Now get the question choices to work.
Don't forget the heading.
When you are done, save your work:
```
XML.save("~/Downloads/quiz.html", doc)
```
Look at the file in the browser. Does it work?
Did you ever generate XML before? How did you do it? Was it easier/harder?

Part 3: Transforming XML

Up to HTML 4, headings were more decorative than structural. You were supposed to write
```
<body>
  <h1>Main heading</h1>
  Introduction
  <h2>Subheading</h2>
  Contents
  <h2>Another Subheading</h2>
  More Contents
</body>
```
But the contents of a subsection was not nested in the contents of a section, unless you chose to include it in a div.
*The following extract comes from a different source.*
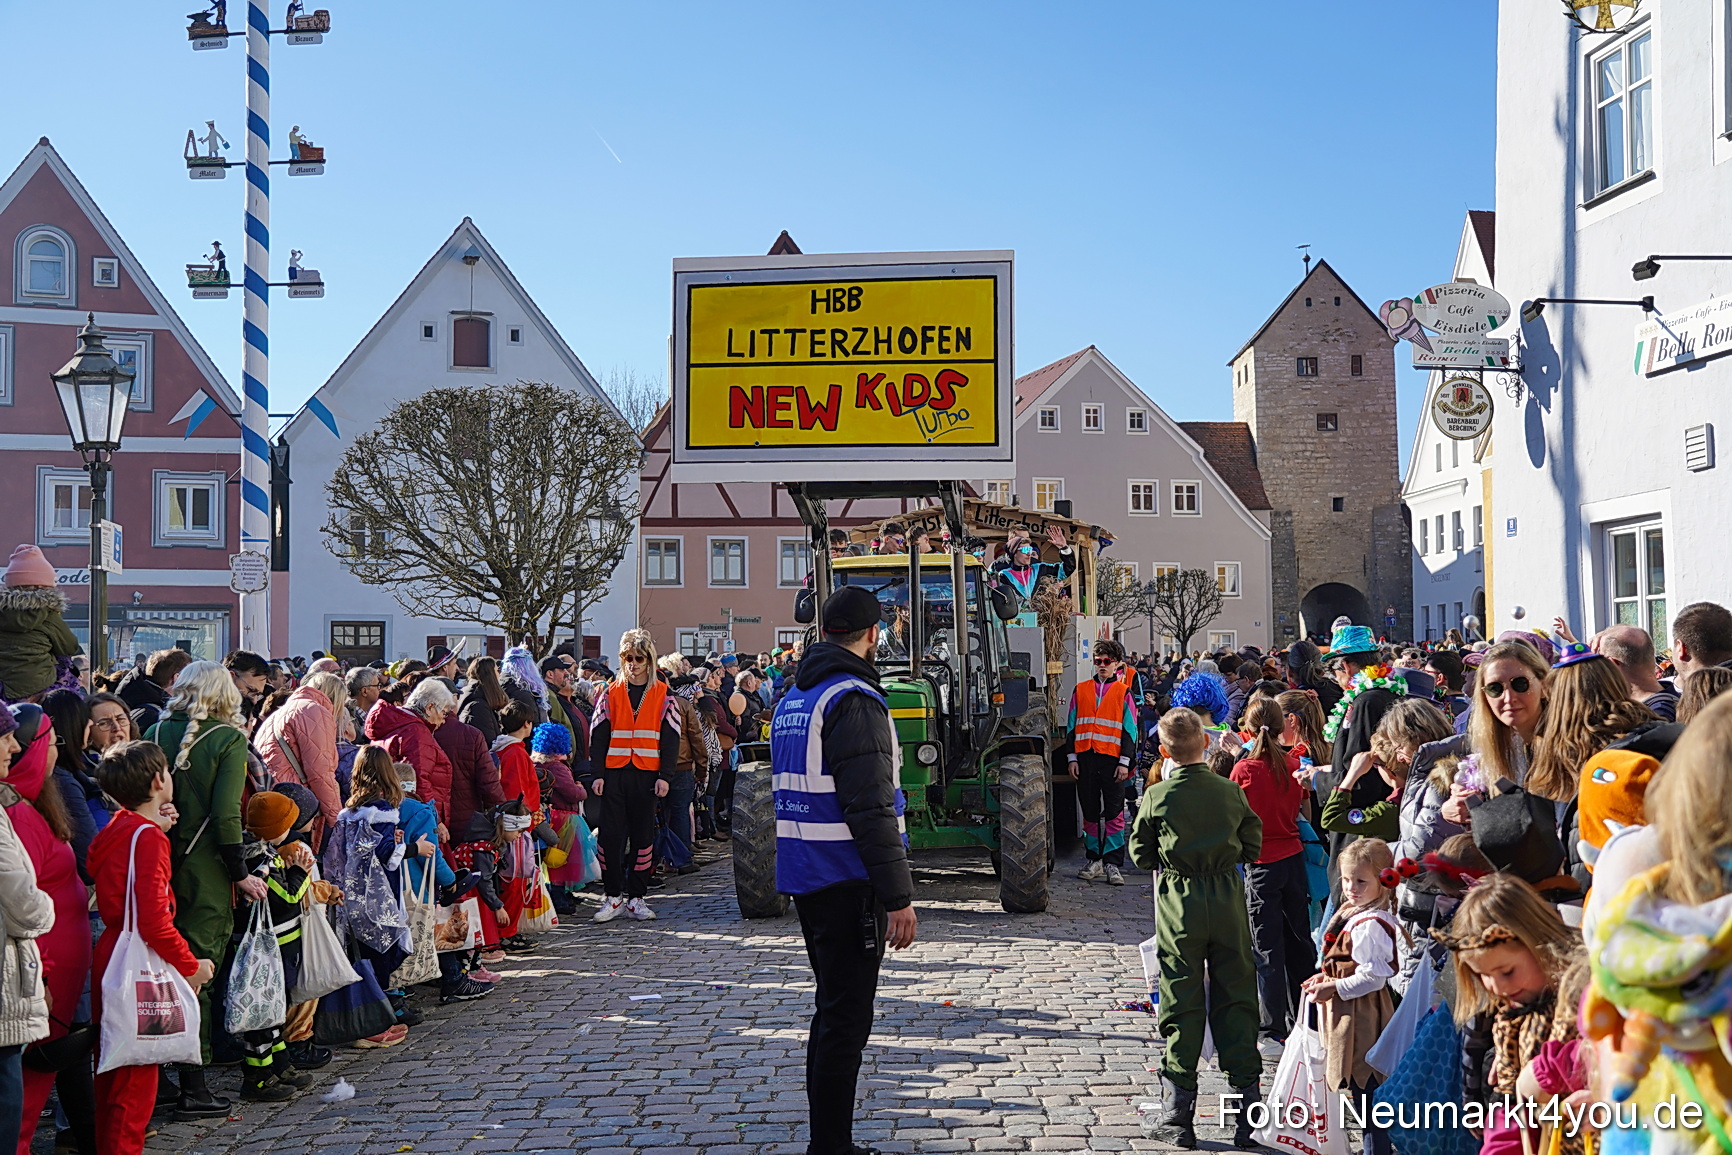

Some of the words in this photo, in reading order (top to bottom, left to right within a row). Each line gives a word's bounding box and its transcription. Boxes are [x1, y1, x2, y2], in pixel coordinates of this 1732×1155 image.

HTML 5 suggests that you use the section element to mark the semantics:
```
<body>
  <h1>Main heading</h1>  
  Introduction
  <section>
    <h2>Subheading</h2>
    Contents
  </section>
  <section>
    <h2>Another Subheading</h2>
    More Contents
  </section>
</body>
```
We'd like to achieve that transformation. Why is it harder than the example of replacing all ul with ol?
Look at the child node sequence of body. We could loop over it, but that wouldn't be the functional way. Instead, we'd like to group it into a sequence of sequences:
- the elements before the h2
- the elements from the first h2 up to, but not including, the second
- ...
- the elements from the last h2 to the end
Then we can map over the sequence of sequences, and wrap each of them (except the first) in a section.
It seems as there ought to be some standard function to do that. Look over all methods of Seq. Which ones produce a sequence, iterator, or map of sequences?

None of those will work for us, though. What we want is a function

def splitWhere[T](xs: Seq[T])(p: (T) => Boolean): Seq[Seq[T]]

so we can call

val splits = splitWhere(body.child)(...)
val intro = splits(0)
val section1 = <section>{splits(1)}</section>

What do you need for the ...?

Here is an icky implementation of splitWhere for testing. Don't code like that! You'll get to produce a nicer version in the homework.

def splitWhere[T](xs: Seq[T])(p: (T) => Boolean): Seq[Seq[T]] = {
  	// Don't code like this!
  	val result = new scala.collection.mutable.ArrayBuffer[scala.collection.mutable.ArrayBuffer[T]]()
  	result += new scala.collection.mutable.ArrayBuffer[T]()
  	for (x <- xs) {
  		if (p(x)) result += new scala.collection.mutable.ArrayBuffer[T]()
  		result.last += x
  	}
  	result
  }

You'll also need to figure out how to get to the body. Remember that doc \\ "body" is a NodeSeq.

Now produce a rewritten body with the intro followed by the sections
```
val sections = splits.tail.map(s => ...)
val newBody = ...
```
Now replace the body with the new body, using a transformer. Then write out the result.